E&I of the Income Questions • Modules 4 to 6 impute missing income responses while ensuring total within 10% of sum of components. • Module 4 imputes partial respondents who provided total income. • Module 5 imputes partial respondents who did not provide total income but provided all the components of employment income. • Module 6 imputes all other partial and total non-respondents to the income question.
E&I of the Income Questions • Modules 7 and 8 select a sample respondents with no pension benefits and impute positive amounts through donor imputation. • Modules 9 and 10 do something similar but for employment insurance benefits. • Module 11 derives other government benefits such as old age security pension.
E&I of the Income Questions • Module 12 uses donor imputation to resolve non-response to the income tax field. • Module 13 derives total income after tax. • Other modules aggregate income to the family and household levels plus derive 2 low income flags.
E&I of the Income Questions • Donor selection edits extensively used to restrict what records which pass the edits can be used as donors. • Reduces the number of outliers generated through imputation.
E&I of the Income Questions • In search for donors, distance measure applies larger weights to income fields considered more important or reliable such as total income. • Numeric amount can be missing but boxes checked can indicate that amount should be negative. Distance measure can be configured to almost guarantee that negative quantity will then be imputed.
Other Changes in E&I Since 2001 • Number of strata will be reduced dramatically since some variables used for stratification in 2001 now used in the distance measure to identify donors, this reduces boundary effects. • Also in the past, exact matches within a stratum was required while with CANCEIS near matches will be allowed (e.g. age difference of 3 years). In past default imputation sometimes used while with CANCEIS a donor will always be found.
Differences in Processing of Census/Tax Data • During donor imputation, data from tax records will generally be treated the same as data from census forms. • For tax data, will derive • Quebec provincial tax • Child Benefits • GST Credits • For census form data, Child Benefits, GST Credits will be derived.

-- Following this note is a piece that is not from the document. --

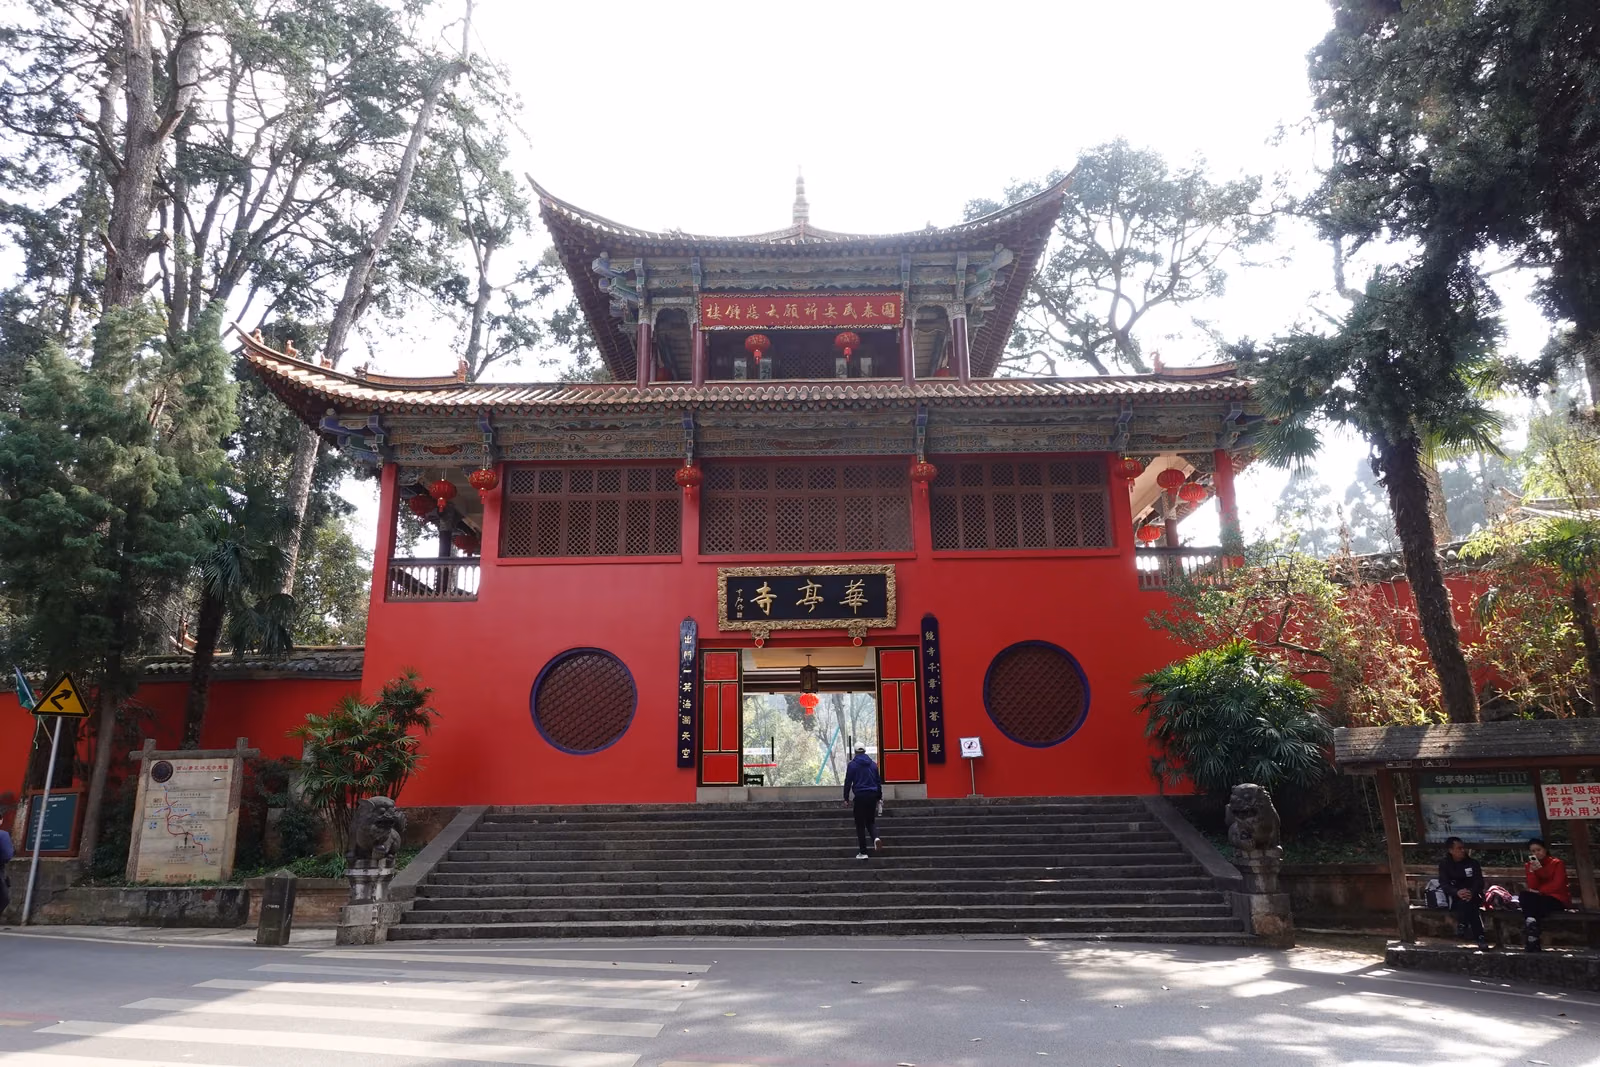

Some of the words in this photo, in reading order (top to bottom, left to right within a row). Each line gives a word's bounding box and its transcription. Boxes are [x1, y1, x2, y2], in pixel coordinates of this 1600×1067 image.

[750, 578, 868, 616] 華亭寺
[1545, 785, 1600, 796] 禁止吸烟
[1547, 795, 1600, 806] 严禁一切

Differences in Processing of Census/Tax Data • When adjusting for under-reporting of pensions and employment insurance, tax responses are not adjusted because of policy not to modify them. • When imputing income tax field from census forms, donors restricted to tax forms because of poor quality of responses on census forms.
Evaluation of Income E&I • On experimental basis, income responses were blanked out and then CANCEIS imputed the blanks. • CANCEIS was quite effective at replicating responses and preserving distributions when matching variables were correlated with the variable being imputed.
Future Evaluations of Income • Some people provide permission to link and also answer the income question on the census form. • It will be interesting to compare the tax and census responses for these people. • In 2004 test, census income data often rounded to nearest thousand or five thousand. • Mode effects (paper versus internet) may also be studied.
Future Changes to E&I • It is hoped that we can eliminate certain deterministic modules by obtaining Child Benefits, for example, from other sources. • Using CANCEIS, it may be possible to reduce the number of modules used in later censuses and improve consistency with labour and education variables.
Conclusions • Many changes to processing including use of tax data, new questionnaire layout for scanning, use of new E&I system. • These changes will require careful monitoring during production and may require fine-tuning. • Given high quality of tax data, its availability should prove useful.